The scientists found that maternal immune activation alters the activity of multiple genes and pathways in the fetus’s brain. Importantly, many of these genes are known to be important in the development of autism and to key brain developmental processes that occur before birth. 

“The more we understand about how brain development is disrupted by these effects, the higher the chance of finding amenable targets for potential therapeutic intervention or for informing how to prevent such risk from occurring in the first place,” said Dr Tiziano Pramparo, senior author of the work from the University of California, San Diego.

While the effects caused by maternal immune activation are transient, the researchers argue that they may be very potent during fetal development and may cause different characteristics in the individual depending on when it occurs during pregnancy. 

Meanwhile, a consultant pediatrician and the Director of Clinical Services,  National Hospital, Abuja, Dr Oluseyi Oniyangi said effects of infection in pregnancy could sometimes be mild or very serious.

 “When infections occurs in the mother it is possible it can affect the unborn child,” she said.

She said, since the first trimester is the most sensitive stage in the development of a baby, any infection or pathology that affects the baby at this stage usually is most devastating and tend to have the most effect on the unborn child.

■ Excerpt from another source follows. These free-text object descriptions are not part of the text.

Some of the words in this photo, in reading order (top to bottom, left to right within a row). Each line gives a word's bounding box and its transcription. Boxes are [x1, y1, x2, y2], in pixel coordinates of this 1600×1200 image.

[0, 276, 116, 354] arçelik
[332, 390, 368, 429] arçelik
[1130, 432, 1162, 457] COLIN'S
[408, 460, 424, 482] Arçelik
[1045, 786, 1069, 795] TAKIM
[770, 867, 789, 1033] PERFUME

“Because the infections occur when the organs are being formed, the baby may be born with a smaller size than a new born baby should weigh. A new born should weigh more than 2.5 kilograms. Other effects include prolonged jaundice, rashes, cataracts in the eyes or with small size head like the zika virus. They may have heart defects like hole in the heart. They may also have inflammation of the liver in some instances,” she said.

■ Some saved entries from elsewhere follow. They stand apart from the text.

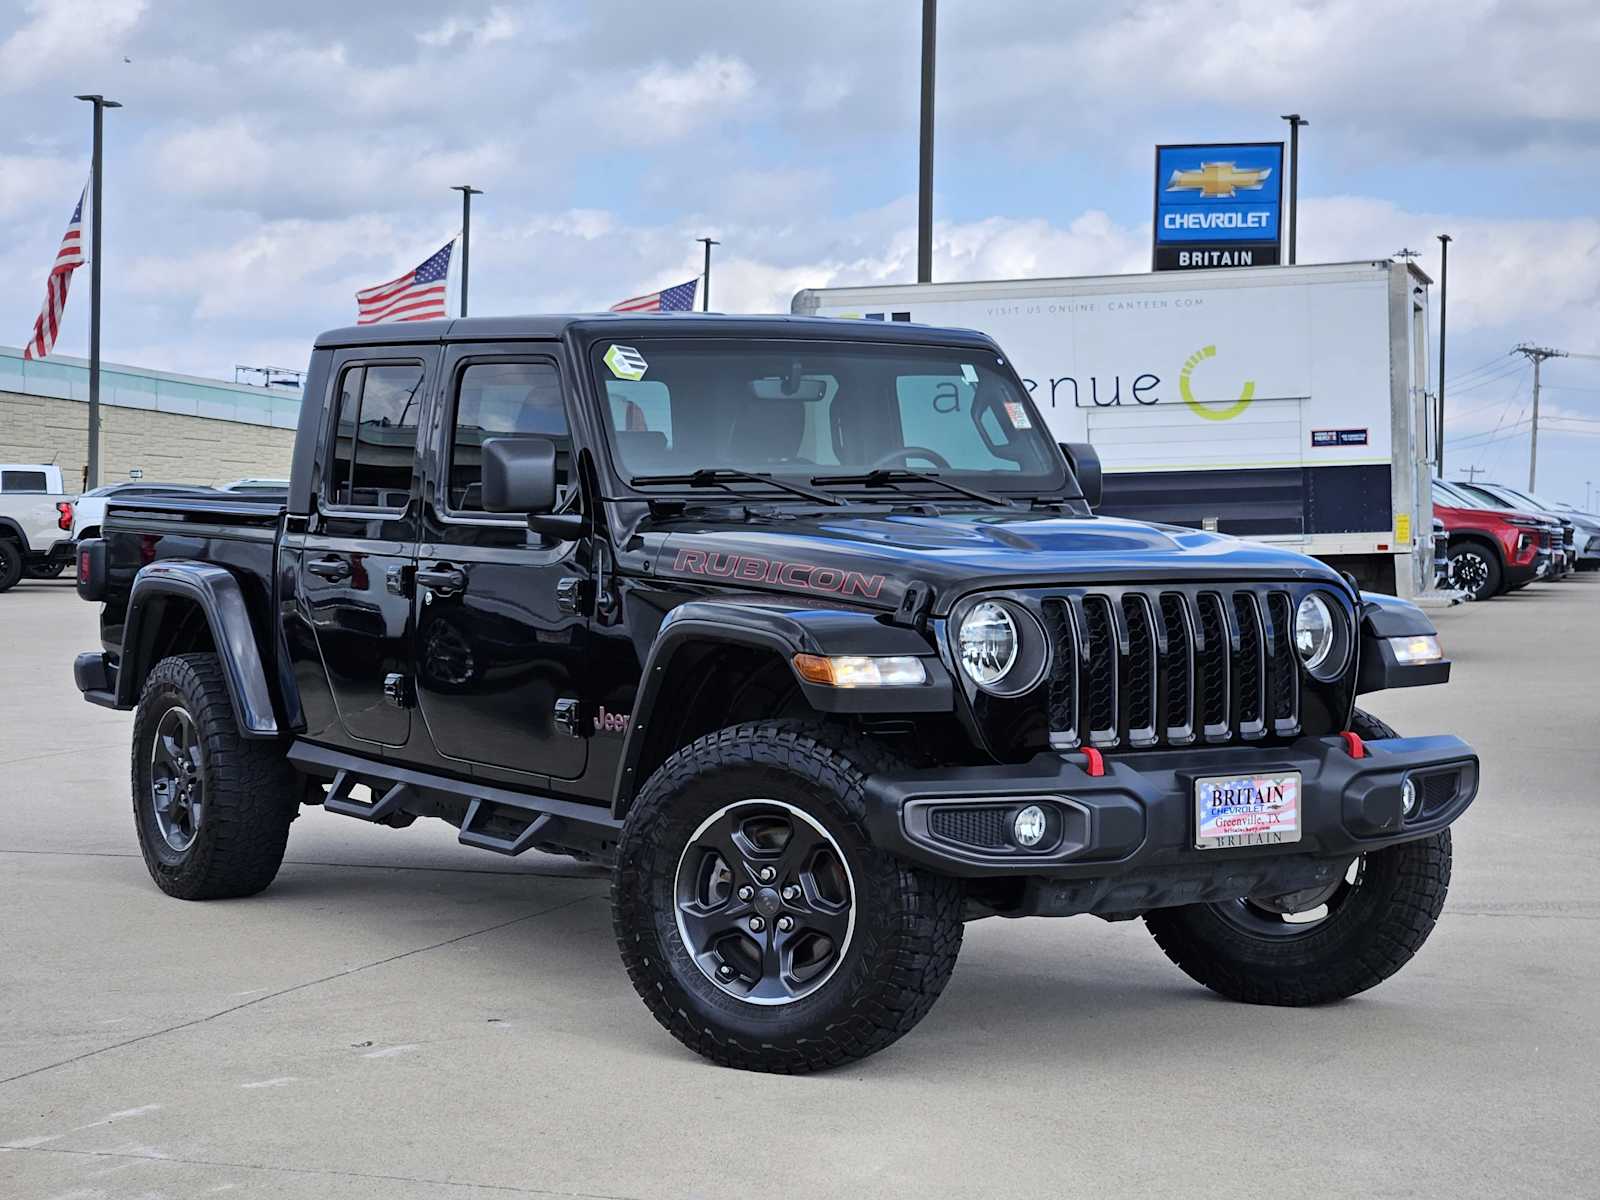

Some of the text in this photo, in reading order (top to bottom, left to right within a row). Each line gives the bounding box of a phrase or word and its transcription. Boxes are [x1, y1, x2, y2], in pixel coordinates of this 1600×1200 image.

[1164, 212, 1270, 229] CHEVROLET
[1179, 251, 1252, 266] BRITAIN
[986, 304, 1020, 316] VISIT
[1026, 303, 1041, 315] US
[932, 373, 1161, 414] anue
[673, 548, 886, 599] RUBICON
[1212, 785, 1284, 807] BRITAIN
[1211, 804, 1265, 816] CHEVROLET
[1215, 813, 1280, 828] Greenville, TX
[1216, 831, 1282, 847] BRITAIN

Dr Oniyangi said that some of these defects were compatible with life while some are not. “They tend to have high degree of mortality especially in the first year of life and even when the children survive, it can be a cause for mental retardation in the children or cerebral palsy,” she said.

The treatment she said, depended on what was seen on the child.  “For example the child with a small size head whose brain was not properly developed, there is nothing that can be done other than helping him or her live a life that is compatible with its own degree of development.  But if the child has cataract, new born syphilis or herpes, we can treat them with drugs,” she said.

She said the most devastating was the one that had long time effects like mental retardation, as it has no treatment. 

“When it sets in, the child will not be able to achieve his full potential in life,” she said.

Dr Oniyangi  said prevention was the most effective way to tackle these infections, adding that when they occur in a new born, early detection and treatment was necessary. 

She said one way to prevent it, was to ensure that we have healthy children before they grow into adulthood. 

She said: “For instance, children should have rubella vaccination as girls before they get into adulthood and get pregnant, this will help the babies not to contact the infection. Others such as, sexually transmitted diseases can be avoided through proper education;   attending antenatal clinic will enable the woman have proper education about her unborn child.  She gets education to keep herself healthy and take care of her unborn child, and to eat properly so that she can have improved nutrition to fight infections.”

She advised pregnant women to avoid keeping pets like cats to prevent being infected. 

“When you have a pet, take it to veterinary doctors for proper vaccination. Keep your environment clean to avoid mosquitoes, make use of mosquito treated nets because we don’t know how far this Zika virus travels,” she said.